A situação se agrava, pois o vírus, é silencioso e infecta muito mais pessoas em silêncio antes que se manifestem sintomas, como antecipou, o que foi posteriormente confirmado pelas analise do biólogos Atila Iamarino e Ana Luiza Saviolli. Ainda no artigo de 30 de janeiro, o pesquisador acerta novamente ao demonstrar o comportamento matemático do avanço da pandemia, ao somar dados próprios, com os da The Lancet e outros, para concluir qual número provável de casos estaria realmente ocorrendo, se os casos que sabemos na atualidade são retratos de 21 dias no passado? Segundo ele, sem medidas restritivas e confinamento obrigatório da população, a taxa de crescimento na curva de progressão geométrica pode ser até 35 vezes maior na data em que se calcula, isso com relação aos casos já registrados com sintomas.

No artigo, os números prováveis de contágios são maiores do que aqueles divulgados de casos já identificados. Ele rebate essa questão, afirmando, que não é possível saber ainda quantos casos são, pois a maior parte não é identificada, conforme diversos estudos pelo mundo já atestaram, restando apenas indicadores e pesquisas futuras, bem como modelos de projeção matemática, que podem apresentar previsões, que não são números absolutos, mas prováveis, e com certeza, são muito maiores do que os que são divulgados, já que a revista Science, indica que 86% das infecções não são diagnosticadas e que 79% das transmissões tiveram origem em pessoas assintomáticas.

Ainda segundo o estudo, o vetor de contágio do caso no Brasil seria o carnaval. Segundo ele, no mundo todos grandes eventos foram cancelados (até as Olimpíadas de Tókio), e onde não foi, o vírus se espalhou. Um exemplo foi o carnaval de New Orleans, cidade com maior número de casos do coronavírus nos EUA depois de Nova York. Não seria diferente com o Brasil com quase 2 milhões de turistas no carnaval em plena pandemia, conforme a previsão que se concretiza:

“Vamos entender o carnaval como vetor de transmissão do vírus no Brasil, (…) Vamos lembrar que o carnaval no Brasil será de 22 até 25 de fevereiro.
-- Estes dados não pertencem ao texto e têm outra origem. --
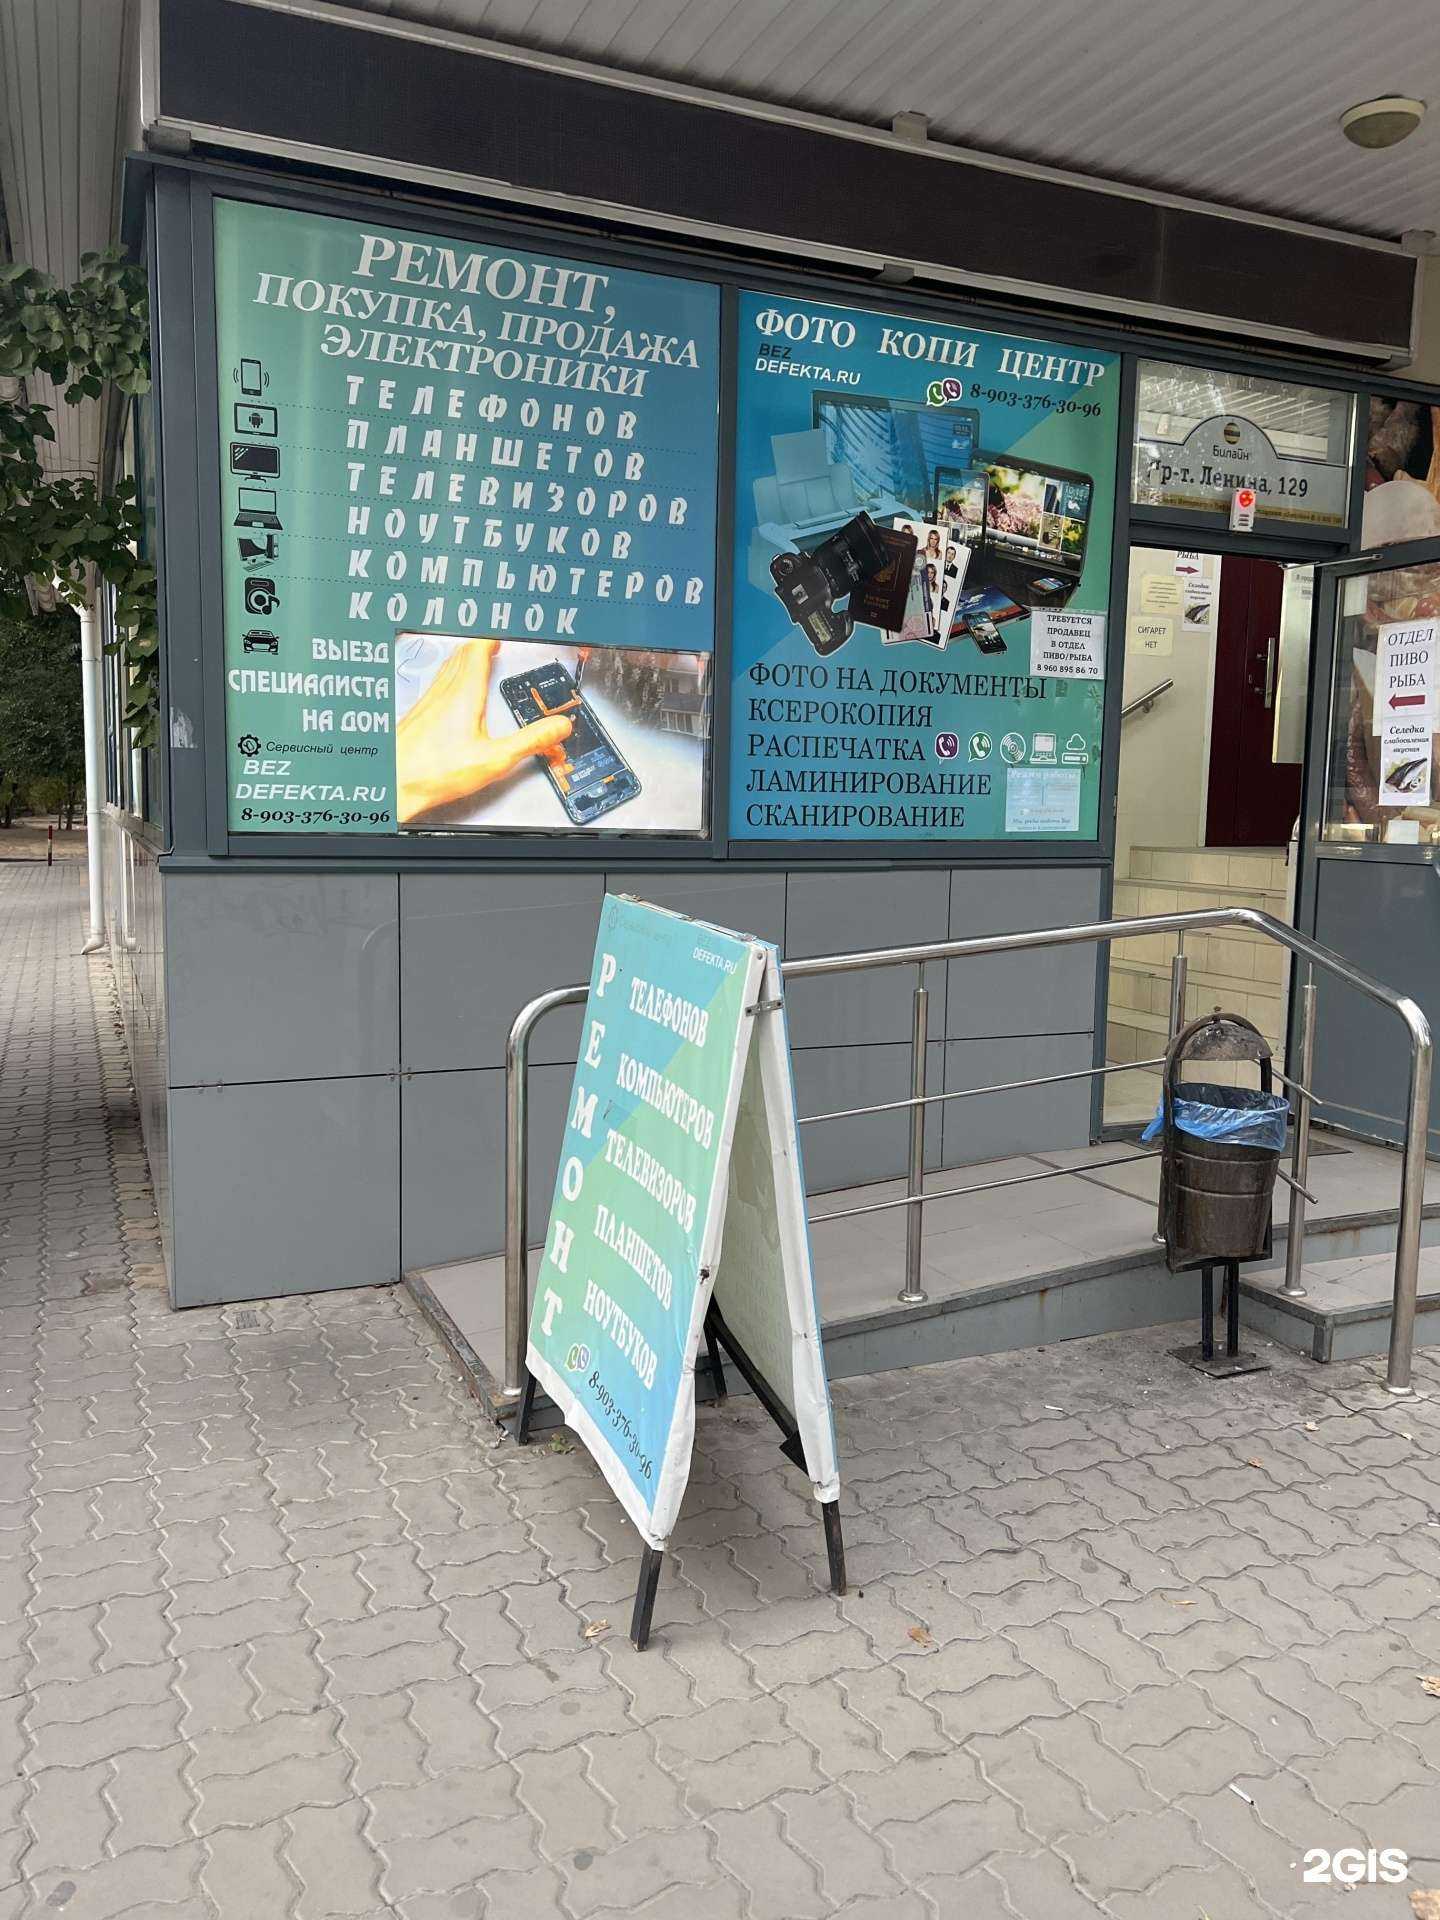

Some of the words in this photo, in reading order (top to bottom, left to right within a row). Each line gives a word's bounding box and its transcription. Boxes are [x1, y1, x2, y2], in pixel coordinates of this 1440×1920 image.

[352, 234, 616, 322] РЕМОНТ,
[253, 272, 487, 344] ПОКУПКА,
[497, 311, 700, 368] ПРОДАЖА
[320, 324, 649, 398] ЭЛЕКТРОНИКИ
[754, 308, 857, 348] ФОТО
[877, 328, 979, 369] КОПИ
[997, 348, 1105, 388] ЦЕНТР
[758, 343, 792, 361] BEZ
[754, 358, 861, 386] DEFEKTA.RU
[345, 374, 637, 440] ТЕЛЕФОНОВ
[969, 383, 1102, 418] 8-903-376-30-96
[346, 419, 645, 481] ПЛАНШЕТОВ
[1213, 445, 1249, 461] Билайн
[347, 462, 689, 525] ТЕЛЕВИЗОРОВ
[1200, 466, 1272, 496] Ленина,
[1279, 477, 1308, 498] 129
[347, 506, 632, 560] НОУТБУКОВ
[348, 549, 704, 606] КОМПЬЮТЕРОВ
[349, 592, 578, 634] КОЛОНОК
[1047, 614, 1093, 625] ТРЕБУЕТСЯ
[1047, 627, 1091, 638] ПРОДАВЕЦ
[1137, 626, 1167, 635] СИГАРЕТ
[1388, 628, 1434, 646] ОТДЕЛ
[312, 638, 389, 663] ВЫЕЗД
[1043, 651, 1093, 662] ПИВО/РЫБА
[1051, 641, 1057, 649] В
[1058, 641, 1086, 650] ОТДЕЛ
[1144, 641, 1158, 649] НЕТ
[1389, 650, 1429, 668] ПИВО
[749, 662, 829, 690] ФОТО
[836, 667, 873, 692] НА
[880, 669, 1048, 700] ДОКУМЕНТЫ
[1043, 664, 1058, 673] 960
[1059, 665, 1074, 673] 895
[1075, 666, 1086, 675] 86
[1088, 667, 1099, 675] 70
[1389, 673, 1426, 689] РЫБА
[228, 669, 389, 700] СПЕЦИАЛИСТА
[302, 709, 333, 733] НА
[341, 711, 389, 733] ДОМ
[748, 698, 933, 728] КСЕРОКОПИЯ
[1389, 724, 1425, 735] Селедка
[266, 741, 333, 755] Сервисный
[340, 746, 378, 758] центр
[748, 733, 926, 762] РАСПЕЧАТКА
[243, 759, 291, 776] BEZ
[235, 783, 386, 802] DEFEKTA.RU
[745, 768, 992, 796] ЛАМИНИРОВАНИЕ
[241, 808, 390, 825] 8-903-376-30-96
[746, 804, 965, 828] СКАНИРОВАНИЕ
[693, 947, 737, 975] DEFEKTA.RU
[628, 976, 710, 1048] ТЕЛЕФОНОВ
[616, 1052, 715, 1150] КОМПЬЮТЕРОВ
[604, 1129, 697, 1234] ТЕЛЕВИЗОРОВ
[594, 1204, 673, 1311] ПЛАНШЕТОВ
[582, 1278, 657, 1391] НОУТБУКОВ
[588, 1371, 652, 1480] 8-903-376-30-96
Considerando que no Brasil o diagnóstico é atrasado (…) teremos um surto de coronavírus provavelmente entre 19 e 26 de março, com exponencial ascendente na semana seguinte” afirmando no artigo, que seria fator decisivo a “data de retorno dos turistas de carnaval para suas cidades natal, quando vão espalhar a doença para seus parentes, familiares, colegas de trabalho e comunidade.”
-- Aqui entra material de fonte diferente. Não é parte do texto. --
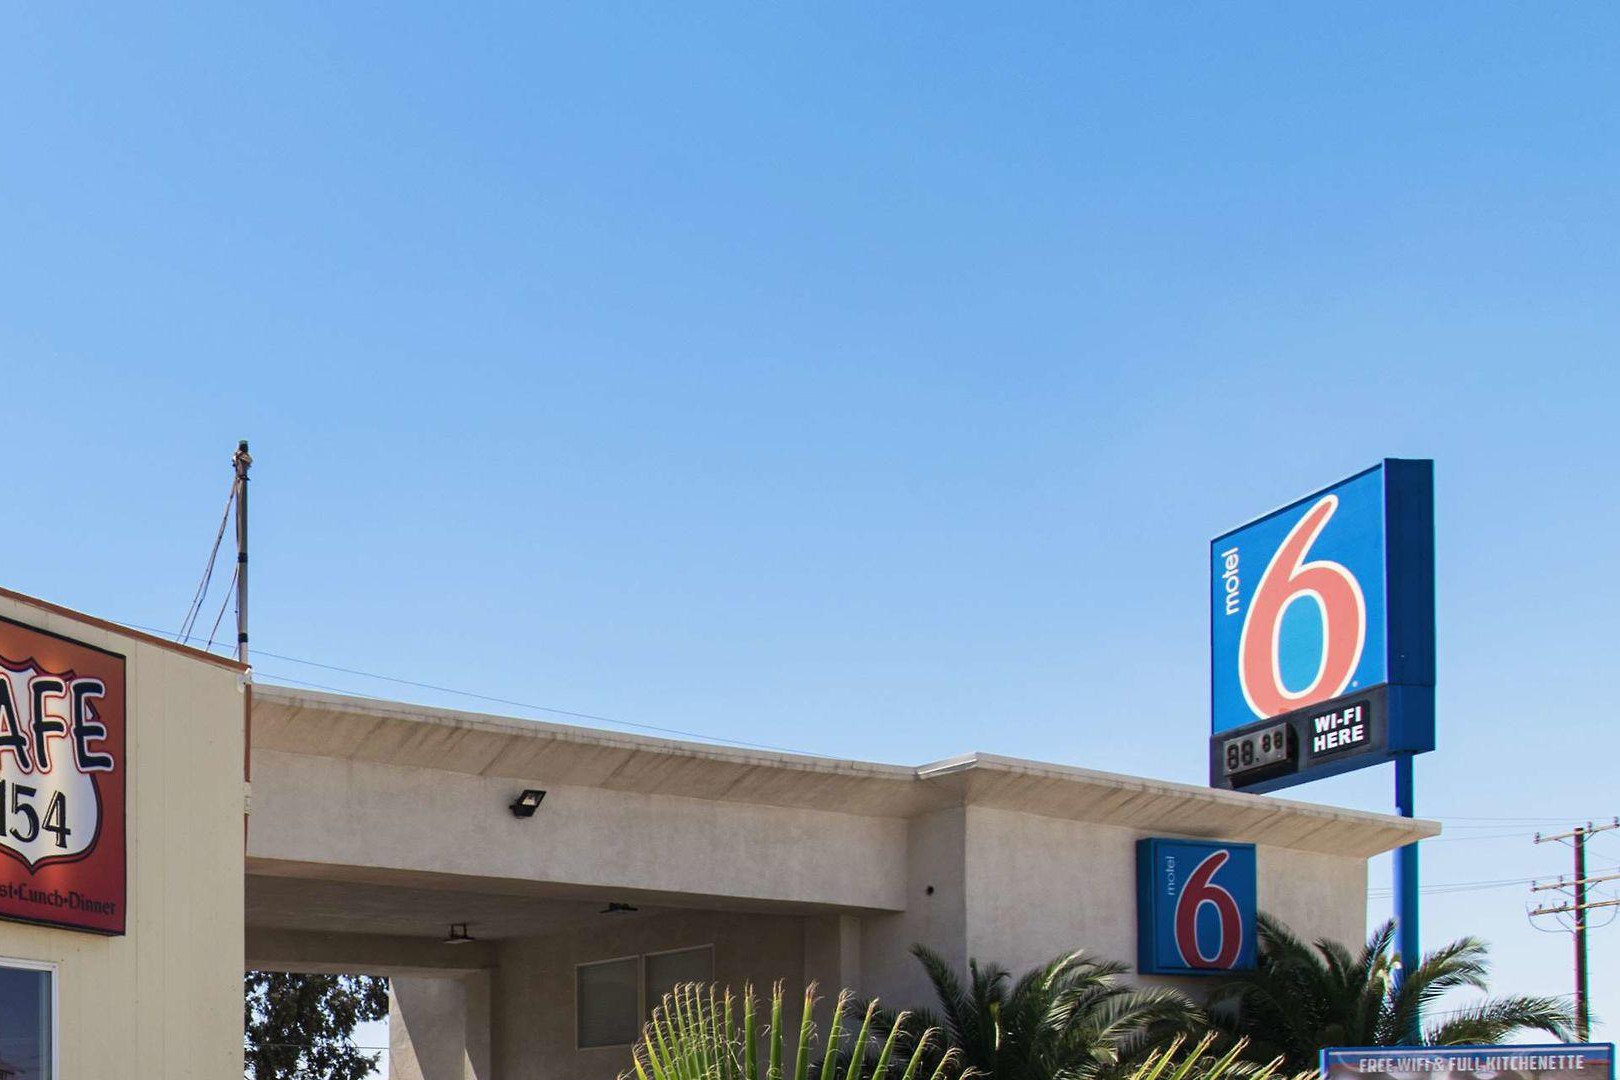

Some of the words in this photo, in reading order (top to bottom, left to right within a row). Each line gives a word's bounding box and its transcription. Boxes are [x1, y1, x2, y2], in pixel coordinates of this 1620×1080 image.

[1221, 547, 1239, 616] motel
[1238, 494, 1366, 719] 6
[1313, 724, 1365, 753] HERE
[1314, 706, 1362, 734] WI-FI
[1165, 855, 1176, 896] motel
[1174, 849, 1243, 970] 6
[1359, 1058, 1393, 1073] FREE
[1432, 1056, 1446, 1072] &
[1449, 1056, 1481, 1072] FULL
[1484, 1054, 1585, 1071] KITCHENETTE
Neste dado estarrecedor apresentado com antecedência no artigo, até na data foi acertada, pois a curva de crescimento do coronavírus no Brasil passou de linear para geométrica em 19 de março, conforme previsto, subindo de 77 casos (em 11/03), para 98 (13/03), mas saltando para 621 (19/03), chegando em mais de 2.598 casos (26/03), atestando a tendência apresentada 2 meses antes no artigo do pesquisador.
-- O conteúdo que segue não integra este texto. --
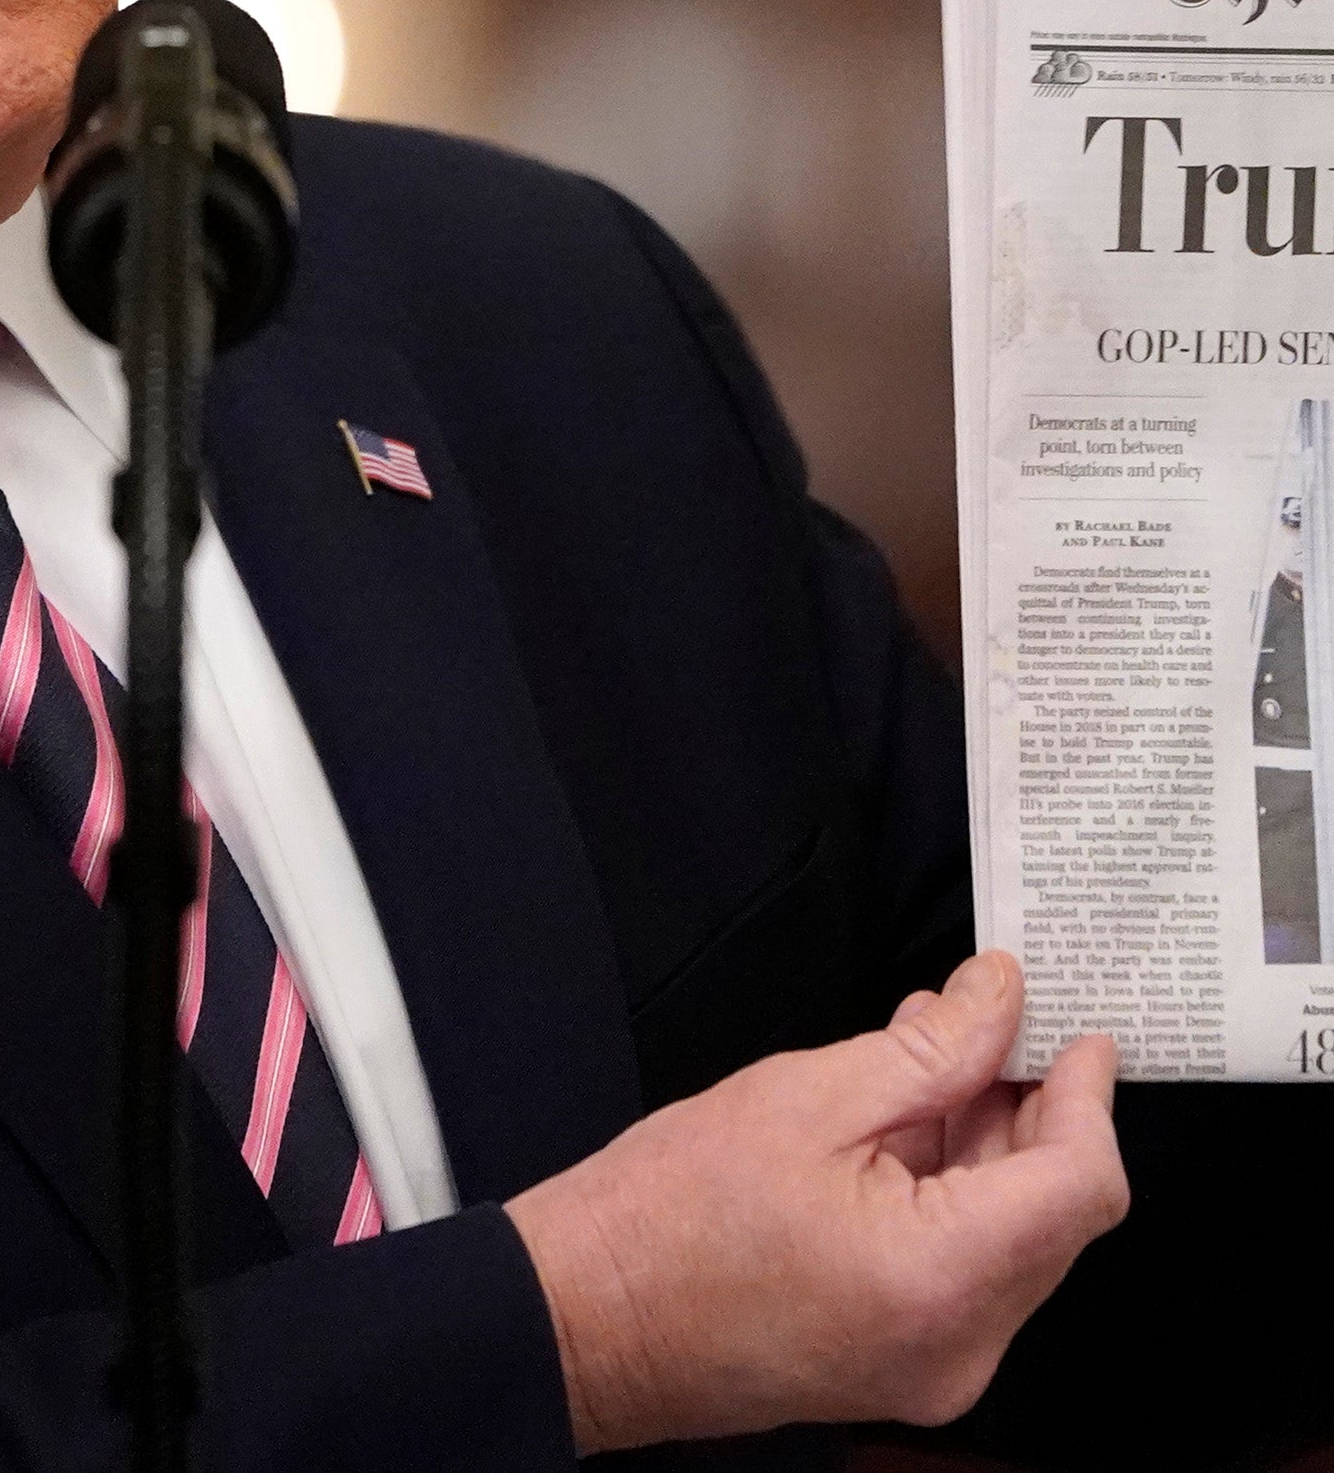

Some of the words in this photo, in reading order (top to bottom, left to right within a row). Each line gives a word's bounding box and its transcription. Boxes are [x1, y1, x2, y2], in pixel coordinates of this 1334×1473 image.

[1097, 70, 1124, 81] Rain
[1096, 331, 1267, 365] GOP-LED
[1028, 415, 1106, 431] Democrats
[1110, 415, 1124, 431] at
[1129, 419, 1137, 431] a
[1141, 415, 1196, 436] turning
[1085, 439, 1116, 454] torn
[1120, 439, 1183, 455] between
[1020, 461, 1123, 482] investigations
[1127, 462, 1155, 477] and
[1159, 462, 1202, 482] policy
Outro fator revelador nesse estudo foi a previsão de que o governo não tomaria medidas efetivas, comparado ao resto do mundo. No capitulo “Fatores de Tomada de Decisão”, o autor aponta medidas preventivas que o Brasil deveria ter tomado desde a metade de fevereiro, como cancelar voos das regiões contaminadas e o carnaval. O texto também acerta ao demonstrar que o Brasil terá problemas pelo norte ideológico do governo, que poderá abandonar o povo como tem demonstrado em atrasos e posições antipáticas e irresponsáveis, como o pedido do presidente de que as pessoas voltem ao trabalho, nesse sentido o estudo antecipava a crise, afirmando:

“Os investimento, são o grande problema em todos os sentidos, pois com o corte dos recursos e investimentos com a emenda 98, de onde o governo vai tirar recursos, para conter a crise, manter operações, pessoal, remédios, atualização de estruturas dos postos de saúde e hospitais por um período de ao menos 6, talvez 10 meses? E a retomada de investimentos após este período para recuperação da economia, como será feita, após os prejuízos locais, mediante crise global que afetará indiretamente todas as nações? Como fazer esses investimentos em uma economia ultraliberal, que visa desonerar o Estado do máximo de responsabilidades com o povo?”, complementando em seguida sua previsão que acabou se confirmando relacionado a postura do presidente frente a população:

“As medidas preventivas só não serão feitas se este governo estiver mais preocupado com a guerra cultural (…) Nesse sentido, se o governo não tomar medidas preventivas, estaríamos confirmando que o que está no comando da nação, seriam as estratégias típicas da escola de Chicago, numa doutrina do choque, onde a economia da desgraça é a estratégia de integração vertical, com previsão de lucro nas mortes, desemprego, desmobilização social, eliminação de inimigos, morte de pessoas que não são economicamente viáveis para o Estado, bem como ampliação de lucros para setores empresariais com os efeitos dessa catástrofe social (…) bem como manter controle social pelo pânico, o que também lota as igrejas. Mas ninguém imaginaria que este governo seria capaz de promover algo como a necropolítica contra o seu próprio povo numa situação de pandemia global. Alguém teria coragem de ser tão perverso e ao mesmo tempo tão irresponsável?”, questiona o artigo.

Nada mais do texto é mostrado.